Tuesday, July 1, 2008

My Experience at the Nozyk Shul

by Barb Miller

During my visit to the Nozyk Shul (when I chaperoned March of the Living with Sarah Warren as a student), I sat next to a young Polish woman in her early 20’s on a Shabbat morning. I asked her what brought her to the synagogue as I did not think she was Jewish. She told me a story typical of many who come to this shul: She said she had recently learned that her grandmother was Jewish. Her grandmother, who had survived the Holocaust and remained in Poland, then married a Polish man. However, her grandmother hid her Judaism to avoid any further anti-Semitic problems in post-holocaust Poland. Although the man she married was Catholic, with the rise of communism, no religion was practiced. During this time period they gave birth to the young woman’s mother. Her mother also married a Catholic man. Her mother and father, with the fall of Communism, raised her to be Catholic.

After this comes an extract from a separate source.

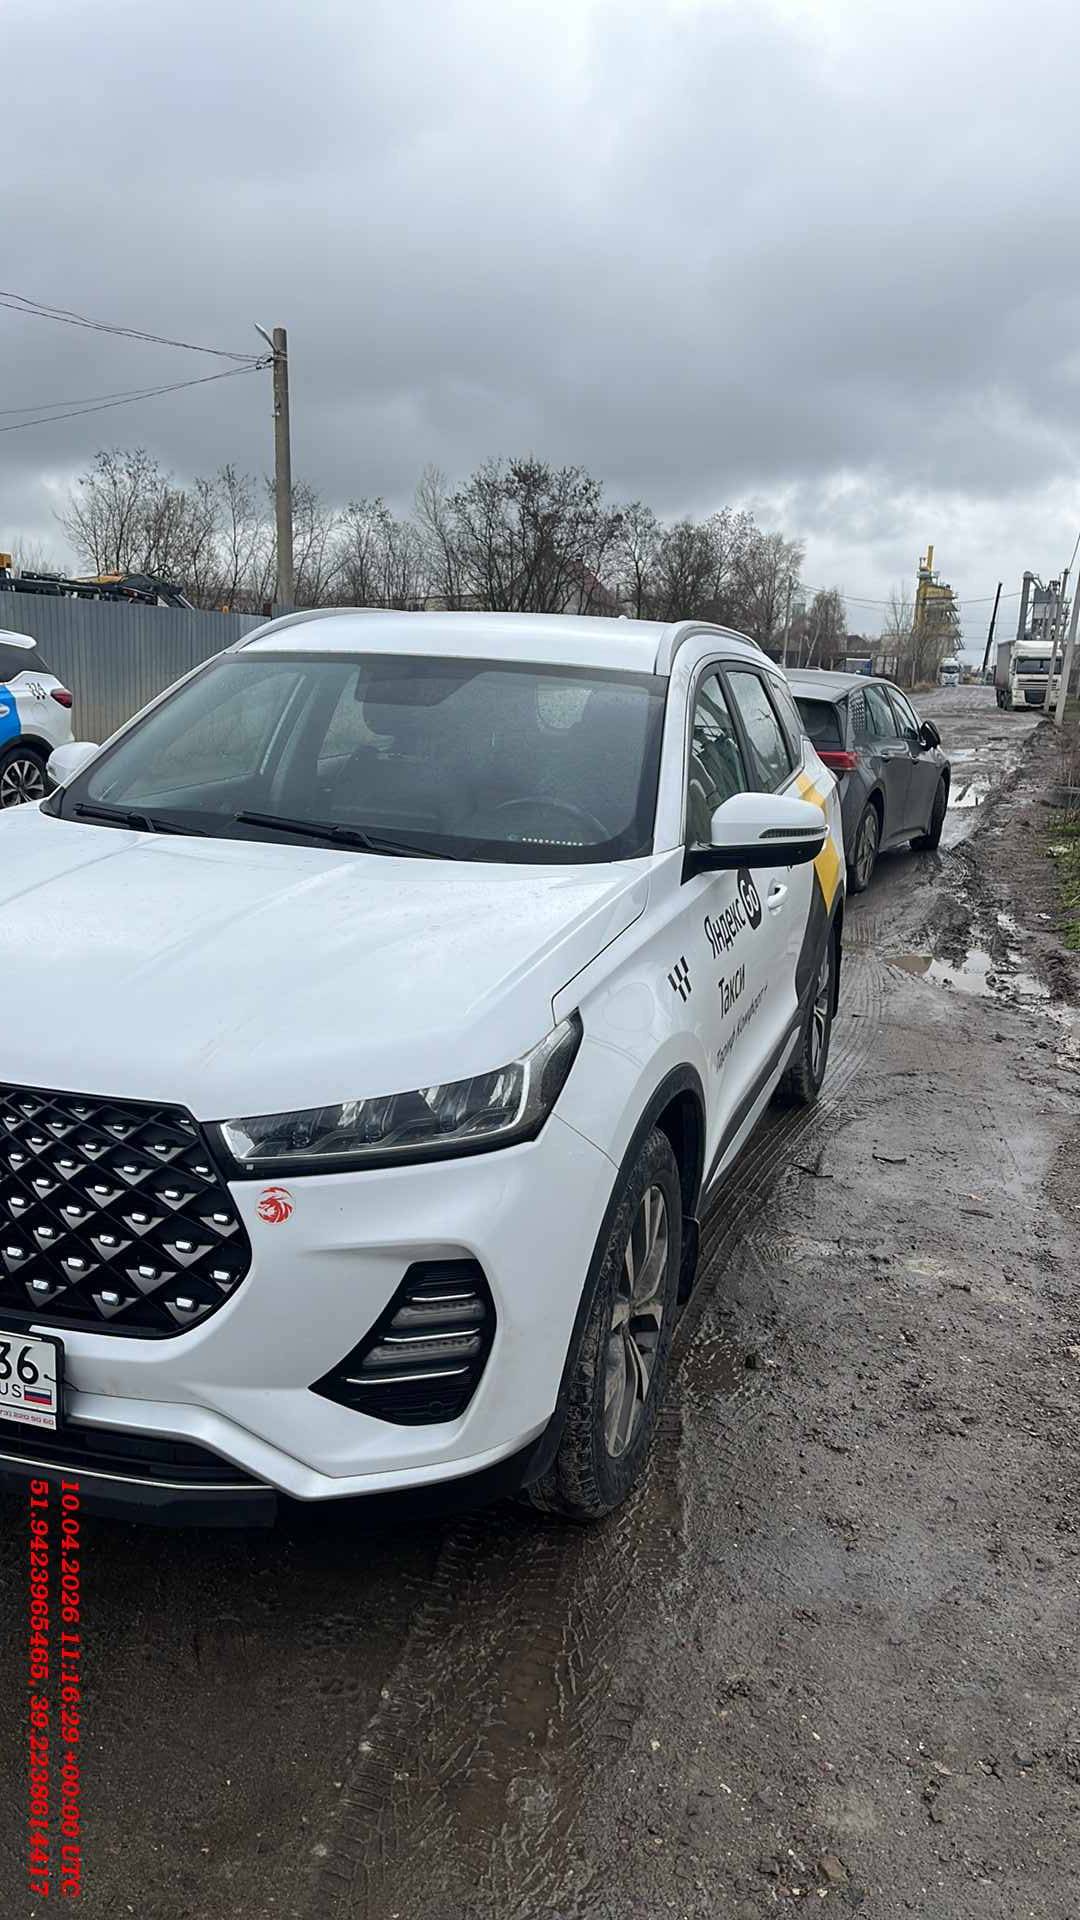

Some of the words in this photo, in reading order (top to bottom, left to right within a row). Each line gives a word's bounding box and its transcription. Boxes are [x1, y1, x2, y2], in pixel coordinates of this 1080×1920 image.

[704, 898, 746, 959] Яндекс
[739, 878, 761, 920] Go
[718, 963, 746, 1020] Такси
[0, 1342, 39, 1385] 36

However, when her grandmother was on her death bed, her grandmother confessed to the Catholic priest that she was a Jew. Halachically this meant that not only was her daughter a Jew but her granddaughter was too. Although the mother was not interested in pursuing her Jewish roots, this young girl seated next to me was. Rabbi Shudrich of the Nozyk Synagogue has outreached to many of these young people with similar stories. As a matter of fact, in Warsaw there not only is a functioning synagogue, but there is a thriving Jewish Day School known as the Lauder Jewish Day School.

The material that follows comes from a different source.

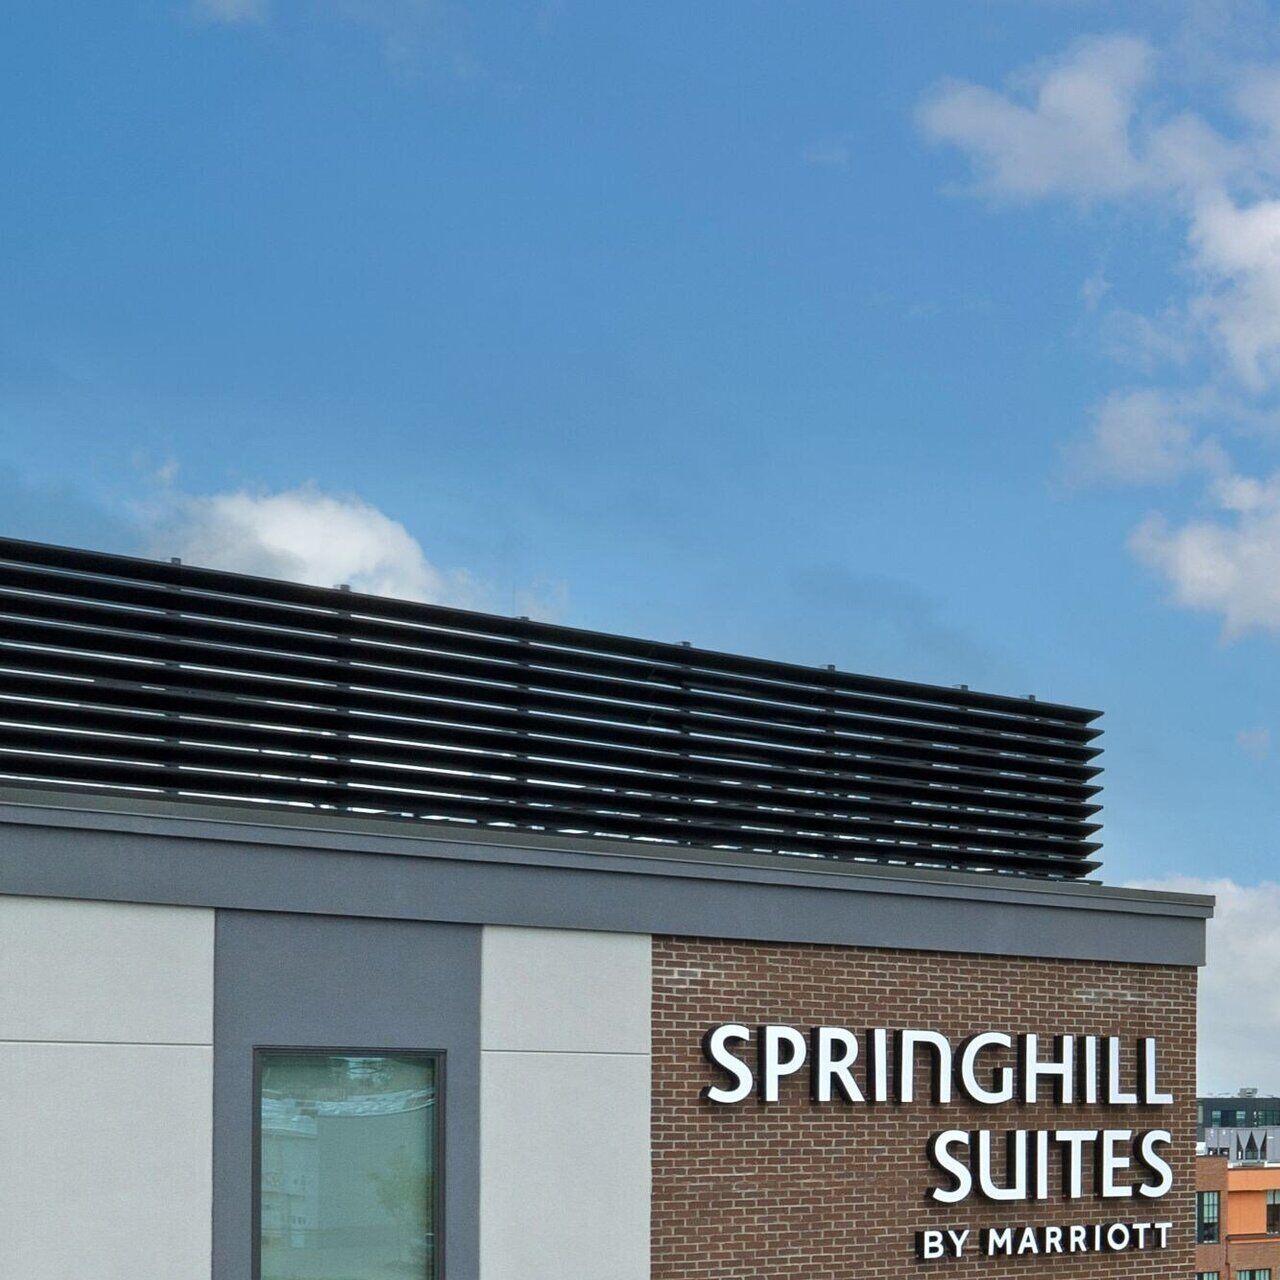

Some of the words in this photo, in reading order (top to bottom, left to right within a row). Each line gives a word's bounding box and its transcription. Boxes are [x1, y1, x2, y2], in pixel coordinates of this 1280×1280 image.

[703, 1023, 1174, 1105] SPRINGHILL
[930, 1129, 1174, 1204] SUITES
[921, 1229, 970, 1260] BY
[986, 1221, 1173, 1256] MARRIOTT

A Story about the Lauder Jewish Day School:
“The woman was a survivor of ghettos, concentration camps, and death marches, but at the end of the war, she remained in Poland. Despite the hardships of Communism and despite the periodic anti-Semitic slurs, she was one of several thousand who stayed on. She never thought her sons and daughters would have a Jewish life, and indeed, few options were open to them as they grew up, married and had children of their own. But on a September morning in 1994 this elderly Holocaust survivor collected her grandchildren and took them across Warsaw to a modern building in the suburbs. Stepping inside, she placed them before the administrator and smiled. “I can hardly believe I am here,” she said. “A Jewish school in Poland; so I want to enroll these two—I want them to have the chance I could not give my children.”

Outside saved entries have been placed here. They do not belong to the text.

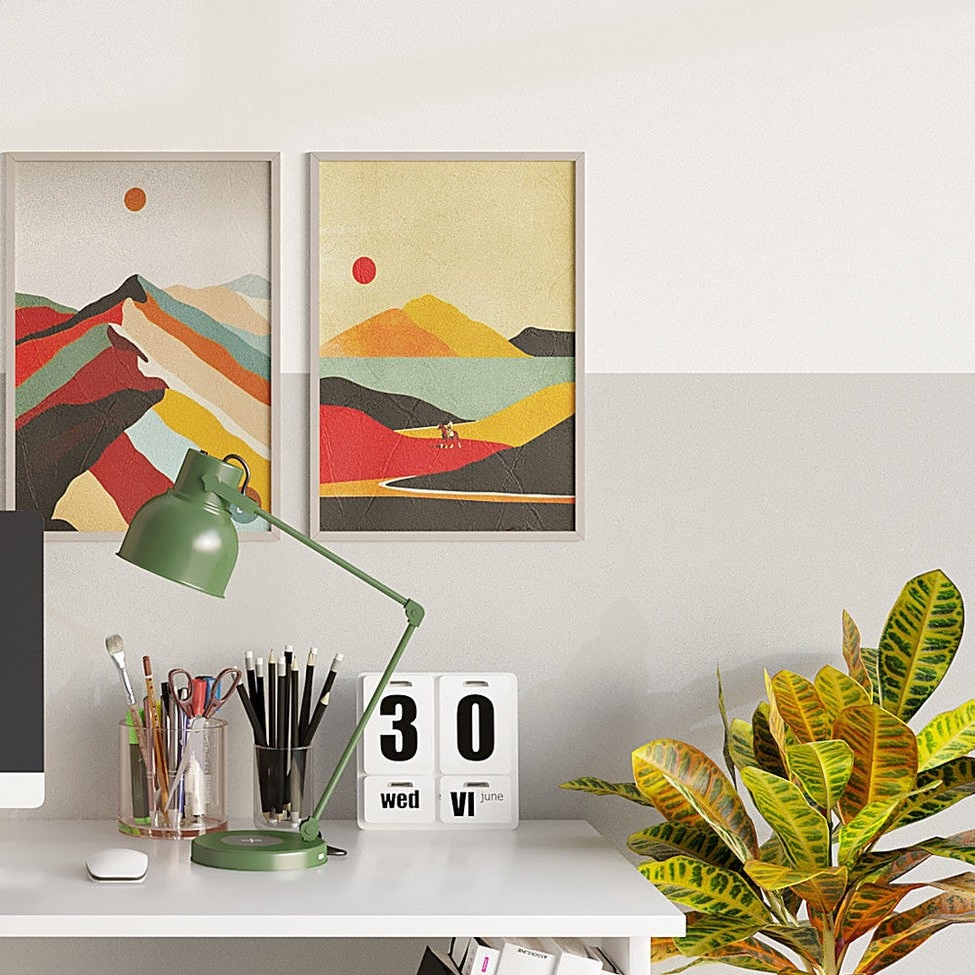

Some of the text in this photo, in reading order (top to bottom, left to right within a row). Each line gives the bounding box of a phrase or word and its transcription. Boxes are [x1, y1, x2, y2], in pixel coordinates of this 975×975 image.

[380, 694, 495, 762] 3 0
[380, 790, 420, 809] wed
[450, 791, 475, 817] VI
[480, 792, 504, 803] june
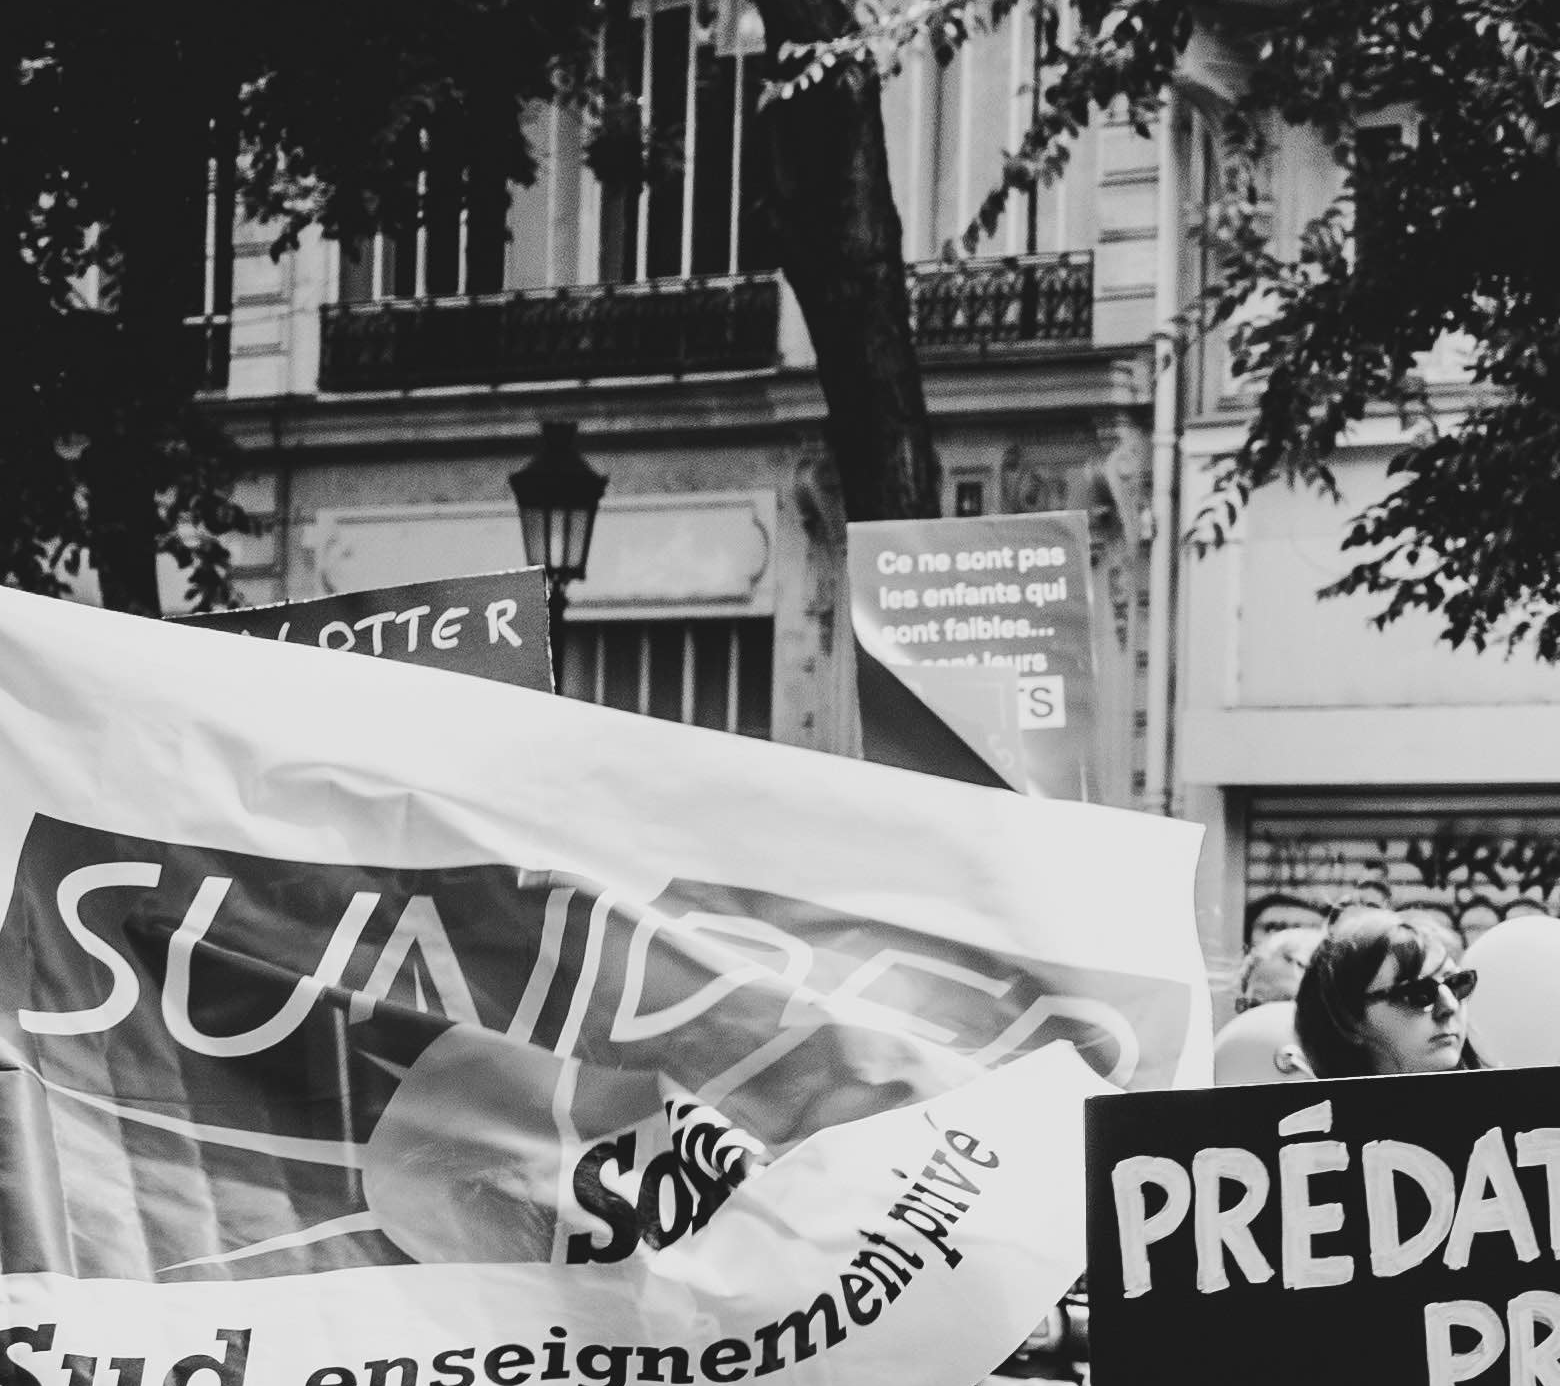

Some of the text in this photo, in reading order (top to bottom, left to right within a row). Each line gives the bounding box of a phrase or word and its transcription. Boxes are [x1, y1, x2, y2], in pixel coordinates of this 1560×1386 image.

[877, 546, 1066, 575] Ce ne sont pas
[879, 577, 1067, 610] les enfants qui
[882, 620, 941, 644] sont

The establishment of the Lauder Morasha School in Warsaw, the first Jewish school in Poland in more than a quarter of a century, marked a watershed in an extraordinary reawakening of Jewish life on Polish soil. Just a decade ago, a viable Jewish future seemed impossible to contemplate. With the loss of three million Polish Jews who were killed in the Holocaust, many observers believed that Poland’s thousand year Jewish History had come to an end.”

Thousands of young and not so young Poles are reclaiming their Jewish identity through a myriad of programs which the Ron Lauder (Estee Lauder) Foundation supports as does Rabbi Michael Shudrich of the Nozyk Shul. Many synagogues and Jewish sites in Poland that have been restored are because of the Lauder Foundation.